Because They Can: Employers and the Payday Heist

Wage Theft in America: Why Millions of Working Americans Are Not Getting Paid—and What We Can Do About It
By Kim Bobo
The New Press, 2009

Reviewed by Bethany Moreton

Readers of New Labor Forum are no strangers to the uncanny illogic of the American economy. If we needed a refresher course, we got one recently by trying to explain that health care is already rationed, or that “too big to fail” is an oxymoron coming from a big, failed bank. But if the title of Kim Bobo’s Wage Theft in America: Why Millions of Working Americans Are Not Getting Paid—and What We Can Do About It strikes labor insiders as old news, consider this: Bobo’s book may be the single most effective grassroots organizing tool available during this crucial window of opportunity for labor.

Her first accomplishment is to gather the evidence of wage theft in one place; the result may rattle even those already familiar with workplace injustice. Employers steal billions of dollars annually from millions of workers by illegally denying overtime rates; tampering with time cards; refusing mandated breaks; underpaying the agreed-upon wages or the legal minimum; paying minimum wages on federal projects and pocketing the difference between the prevailing wage and the minimum; avoiding employer contributions to Social Security, Medicare, unemployment insurance, and workers’ compensation insurance; deducting specious charges from paychecks; seizing tips; or flat-out refusing to pay for work performed, period. Studies by the Department of Labor, the Government Accountability Office, the Urban Institute, Human Rights Watch, and even the business-backed Economic Policy Foundation reveal that these tactics of theft can be found across industries, with particularly high incidences in nursing homes, garment factories, large-scale farms, restaurants, residential construction sites, and poultry processing plants.

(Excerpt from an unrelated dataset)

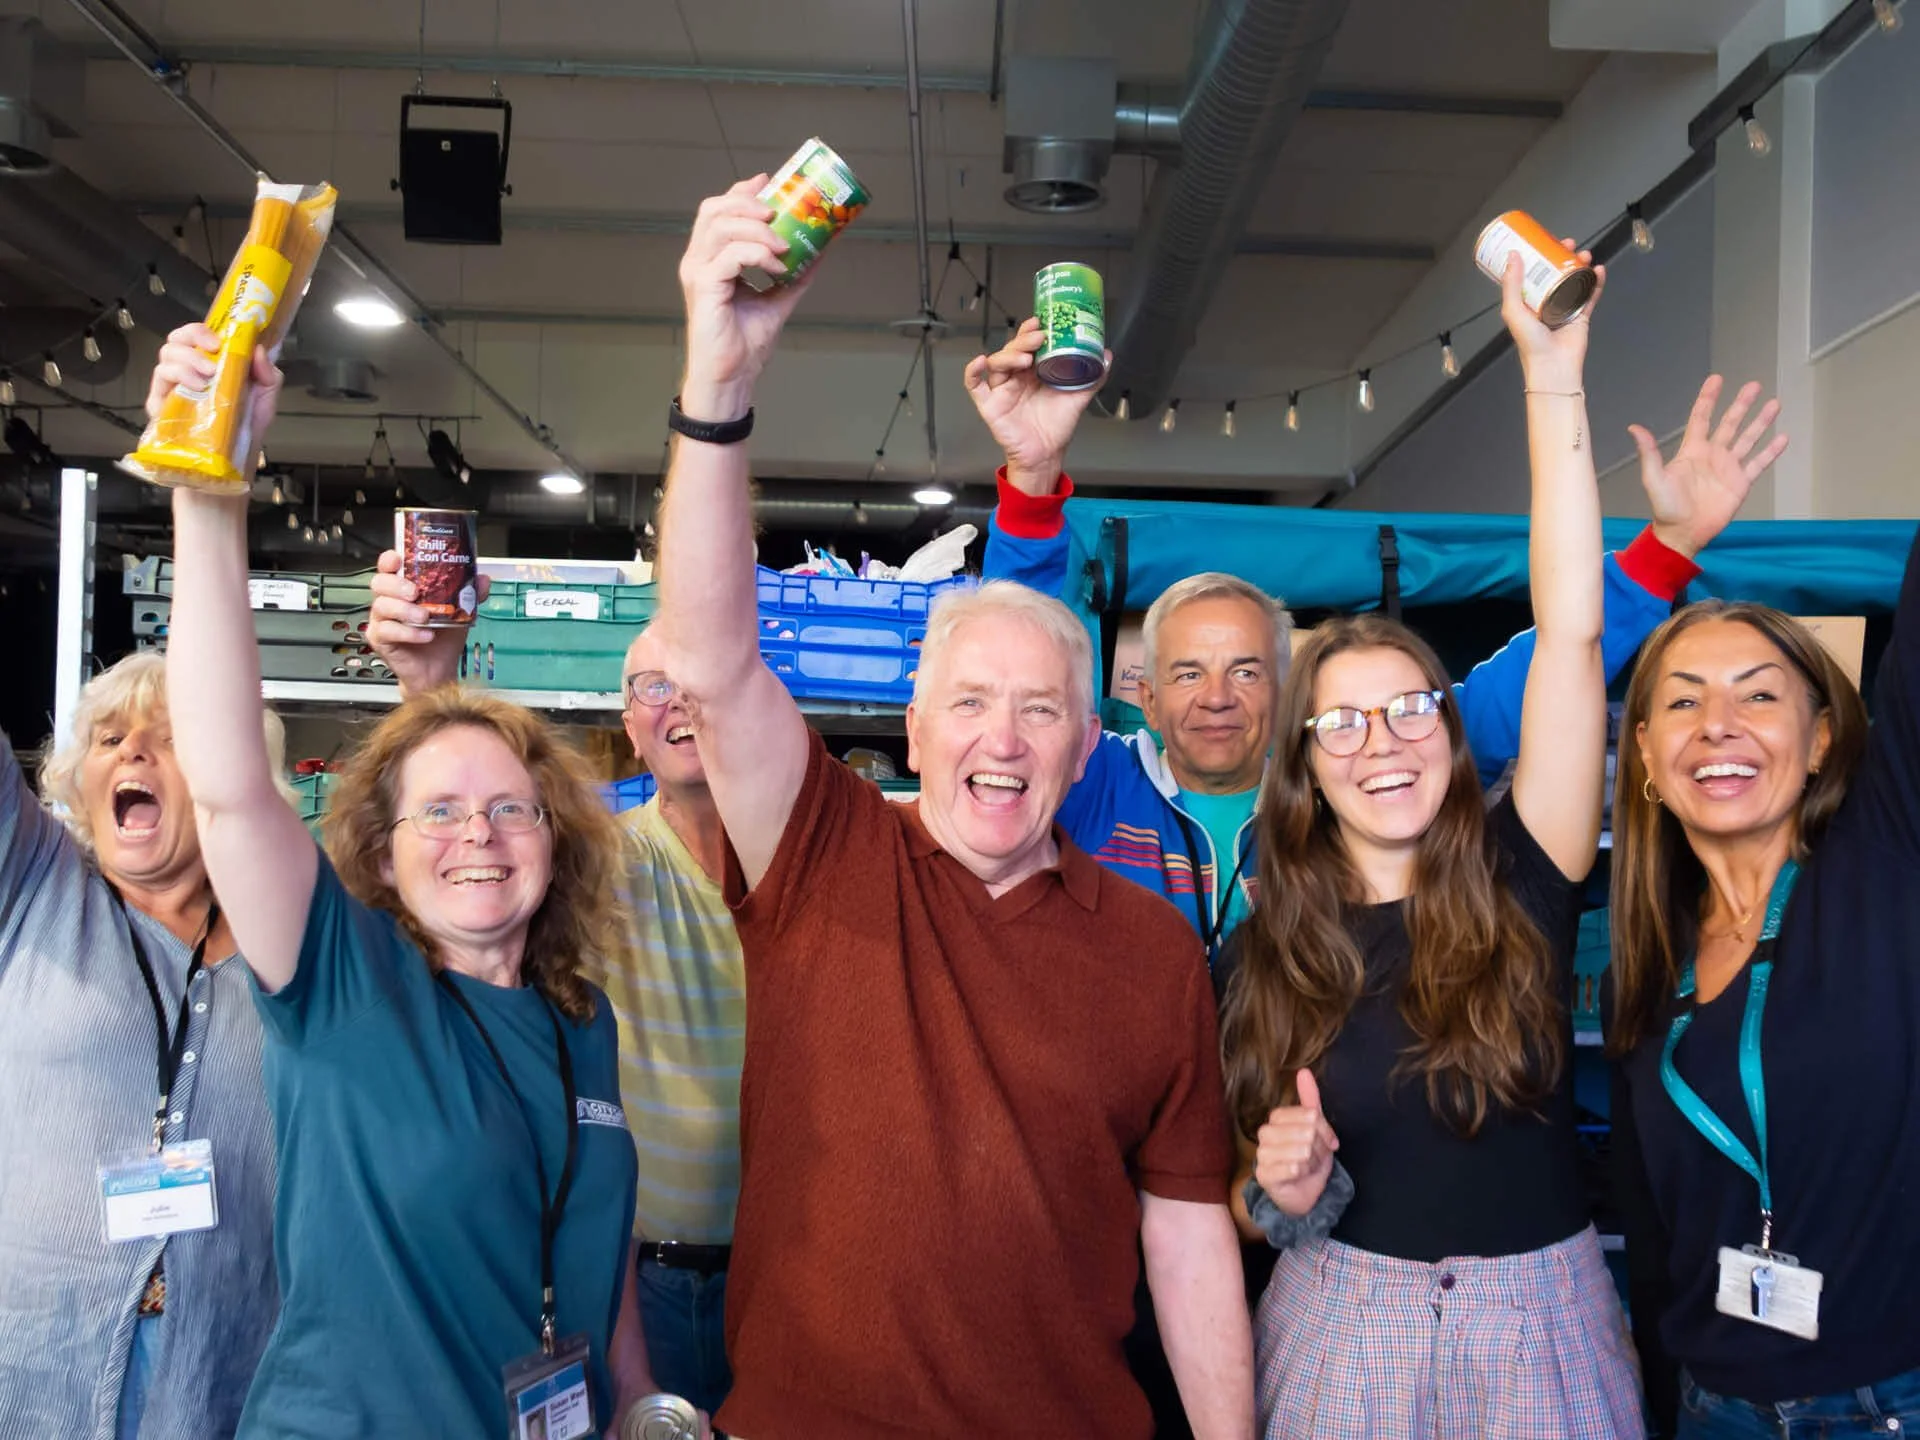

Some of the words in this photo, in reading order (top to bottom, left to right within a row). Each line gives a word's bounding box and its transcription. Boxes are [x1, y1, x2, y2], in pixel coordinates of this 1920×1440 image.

[416, 539, 447, 551] Chilli
[416, 551, 439, 562] Con
[441, 552, 470, 564] Carne

Management apologists cannot hide behind individual mom-and-pops hopelessly confused by byzantine regulations, although Bobo advocates common sense revisions that would eliminate this genuine hazard. But the scale of the larceny demonstrates that wage theft is largely a deliberate method of cost control. Employers display their knowledge of the laws they are breaking by the ingenuity of their tactics. One car wash in Nashville clocked workers out when customers were not present. A Wisconsin cook worked eighty hours a week in two different restaurants within the same chain; the employer denied him overtime rates by counting these as two separate jobs. A packing house in California required every worker to provide two Social Security numbers, splitting their hours between the two to avoid paying for overtime work. Lawsuits successfully prosecuted or settled have involved tens of thousands of workers at nationally known companies: $6.5 million to fifty-six thousand Wal-Mart employees who had been forced to work off the clock; $65 million to thirty-two thousand misclassified “permatemps” at IBM; $120 million to three thousand insurance adjusters at Allstate.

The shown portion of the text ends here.